UK consumers are paying millions more than they expect for personal loans as the gap between advertised and actual interest rates on such borrowing grows.

Leading UK lenders are currently advertising fixed-interest rates on a typical loan of £9,000 at between 2.8 per cent and 4.9 per cent. In reality, the average APR eventually paid by a borrower is 7.3 per cent.

The difference costs consumers a total of £204m more than they expected every year, according to research from the Centre for Economic and Business Research, which found these so-called representative rates have been increasingly unrepresentative over the past seven years.

Download the new Independent Premium app

Sharing the full story, not just the headlines

Critics of the practice have called for tighter legislation over marketing on these rates after the survey found that more than 80 per cent of applicants expect to secure the rate advertised. In fact, current rules demand that just 51 per cent have to be offered the headline figure to allow the lender to advertise it.

With personal borrowing now totalling more than £209bn compared with £196bn this time last year, borrowers are feeling misled, dissatisfied and confused, industry commentators argue.

“This lack of transparency could have a negative impact on a borrower’s ability to make informed decisions about whether they can afford a loan from the outset of the application process,” warns Shawbrook Bank, which co-produced the report. “In some cases, this may mean people choose to apply for larger loans with higher repayments than they would have otherwise considered.

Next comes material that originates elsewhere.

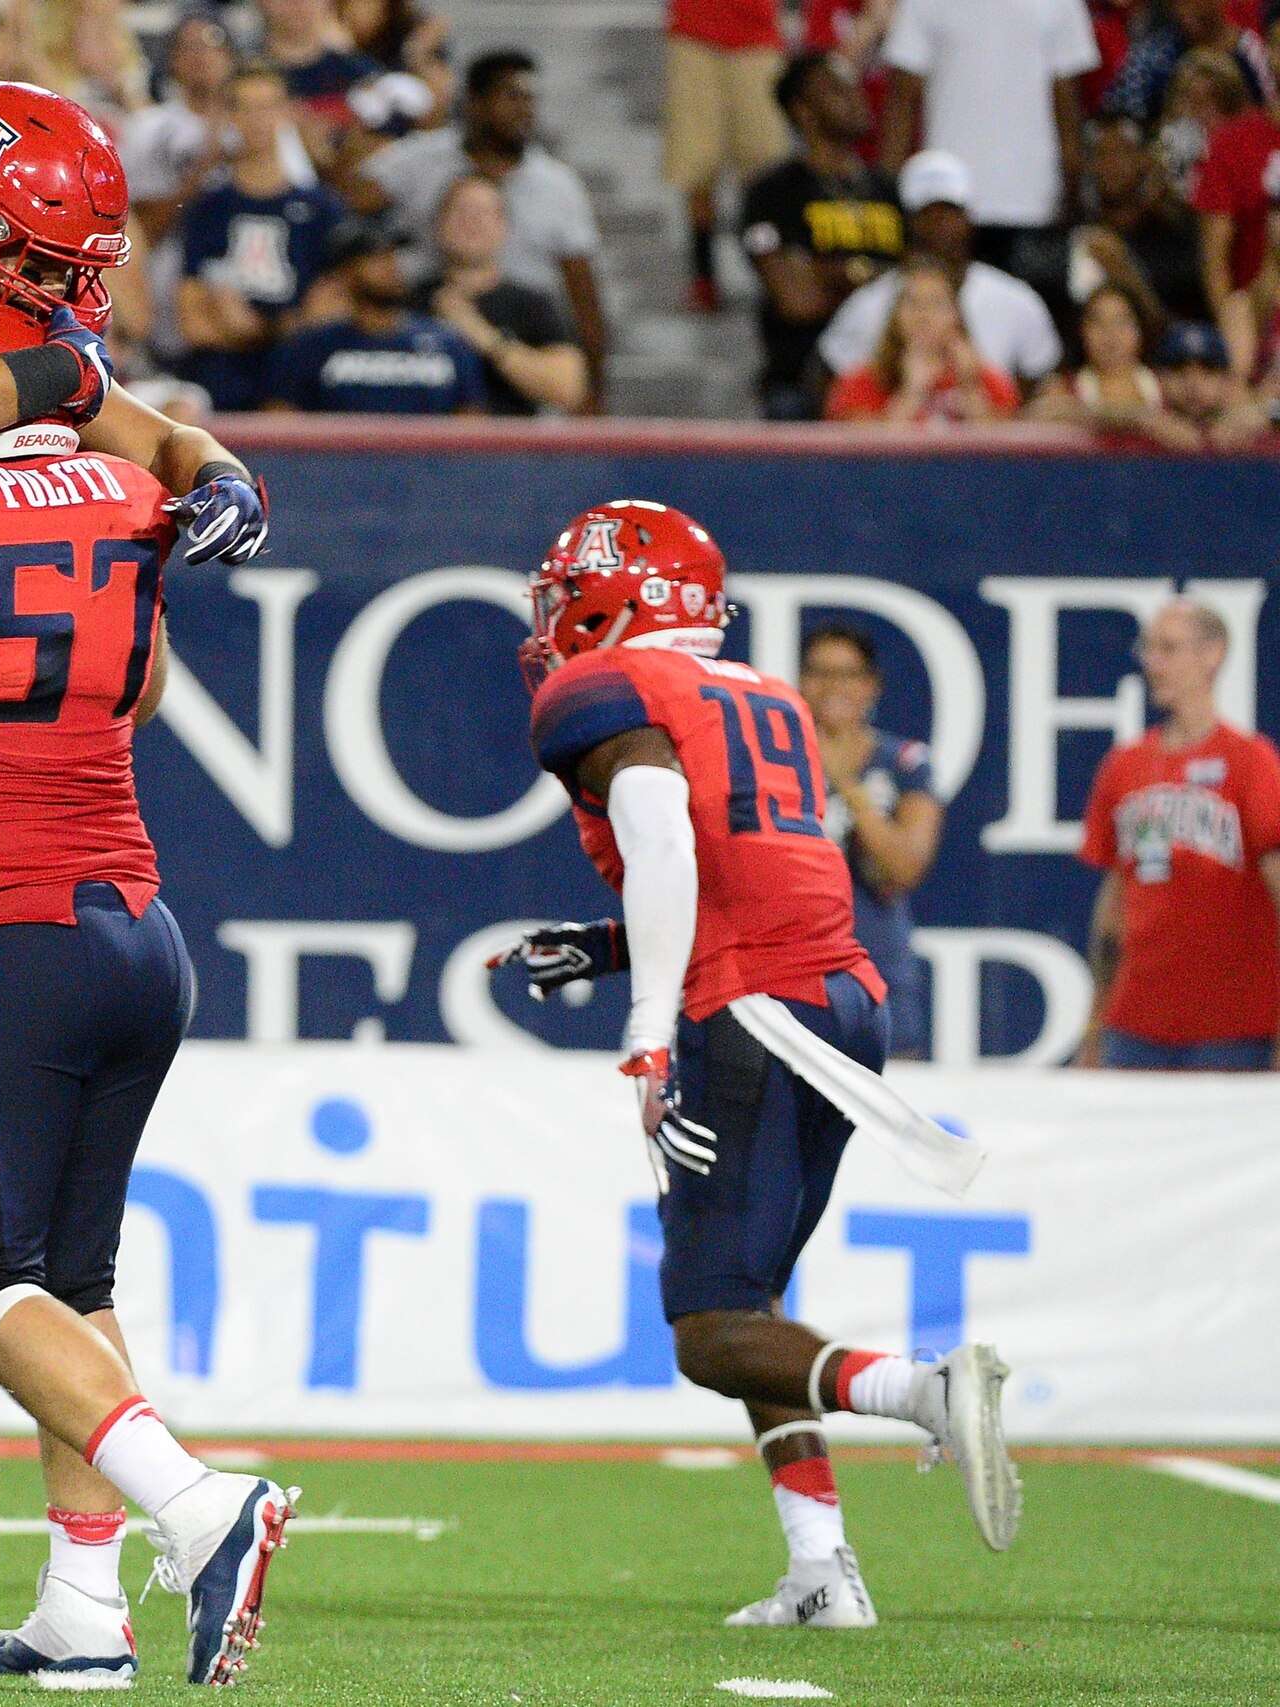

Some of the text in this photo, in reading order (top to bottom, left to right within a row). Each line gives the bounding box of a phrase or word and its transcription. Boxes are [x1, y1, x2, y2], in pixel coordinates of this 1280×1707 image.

[568, 518, 625, 576] A
[699, 684, 825, 836] 19
[797, 1585, 829, 1623] NIKE
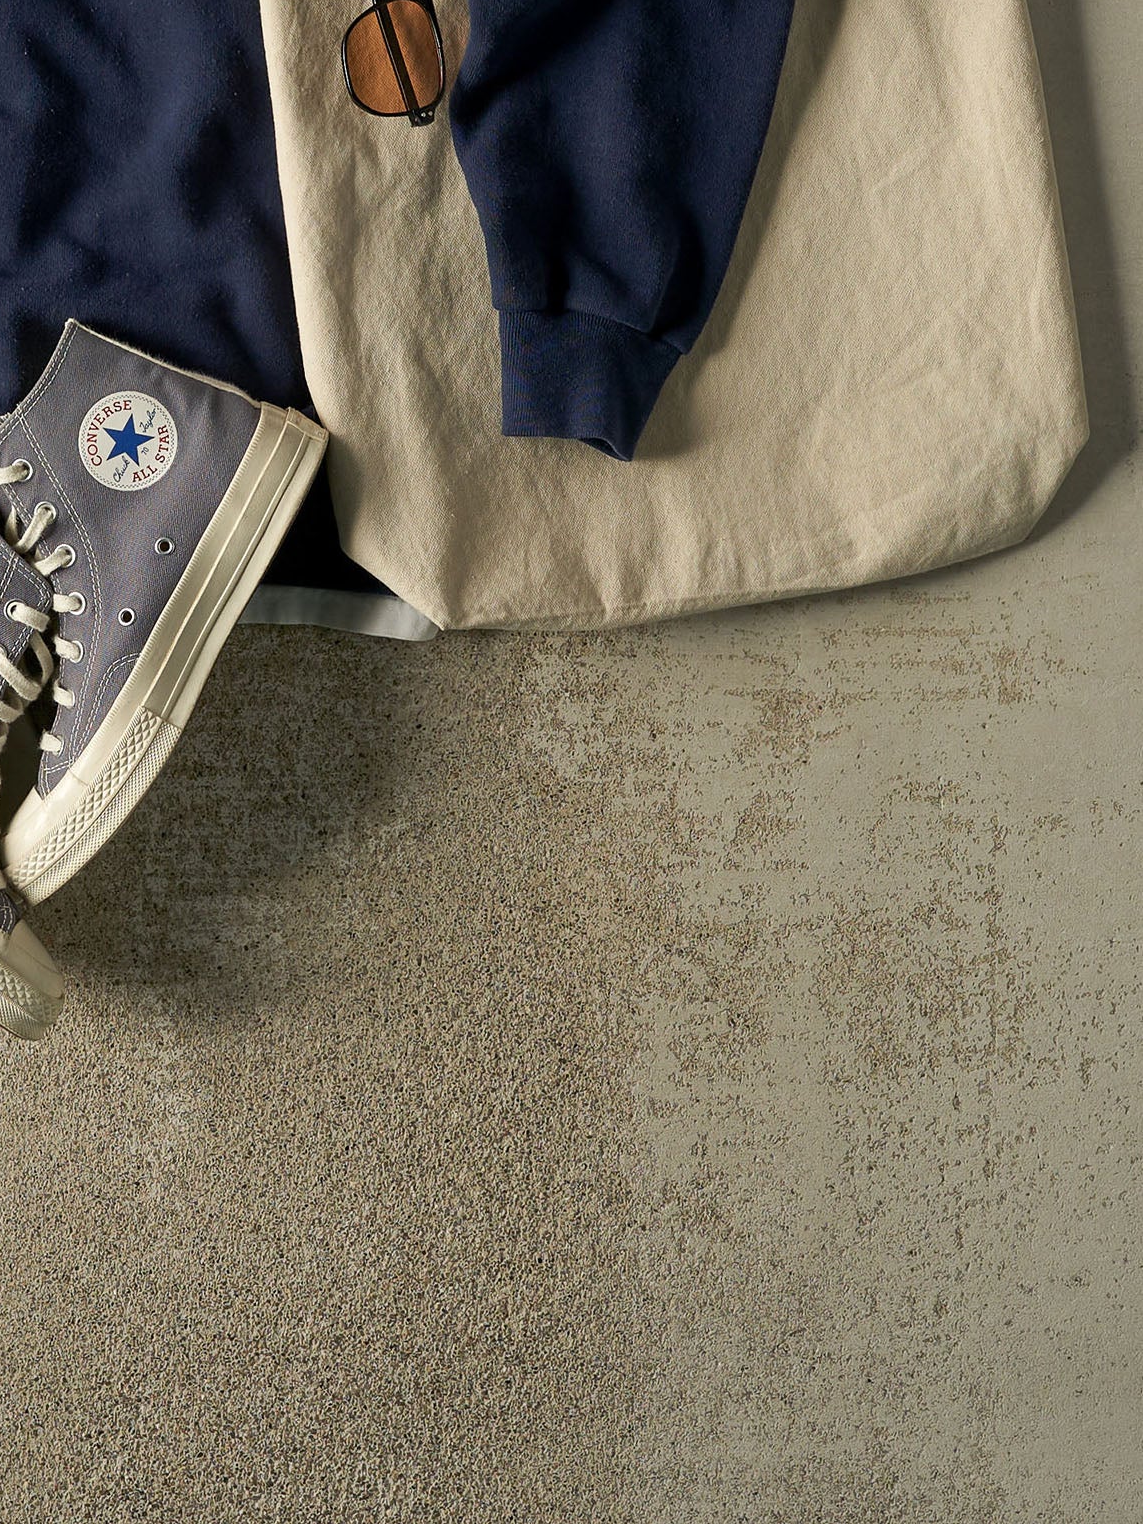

“If not carefully considered this can have serious consequences and increase the likelihood of defaults and our figures show that defaults are a problem. Since Q1 2016 lenders have recorded an increase in default rates on unsecured consumer loans in eight of the last nine quarters, which means accurate information from the outset of a loan application is more important to borrowers than ever before.”

The research comes in the wake of a review of the UK’s high-cost credit market by the Financial Conduct Authority last week.

With millions British consumers depending on overdrafts, doorstep lenders, catalogues or hire-purchase or rent to own agreements, the regulator had been expected to come down hard on providers charging particularly high rates of interest on different types of financial agreements, including the overdrafts used by around 19 million British banking customers.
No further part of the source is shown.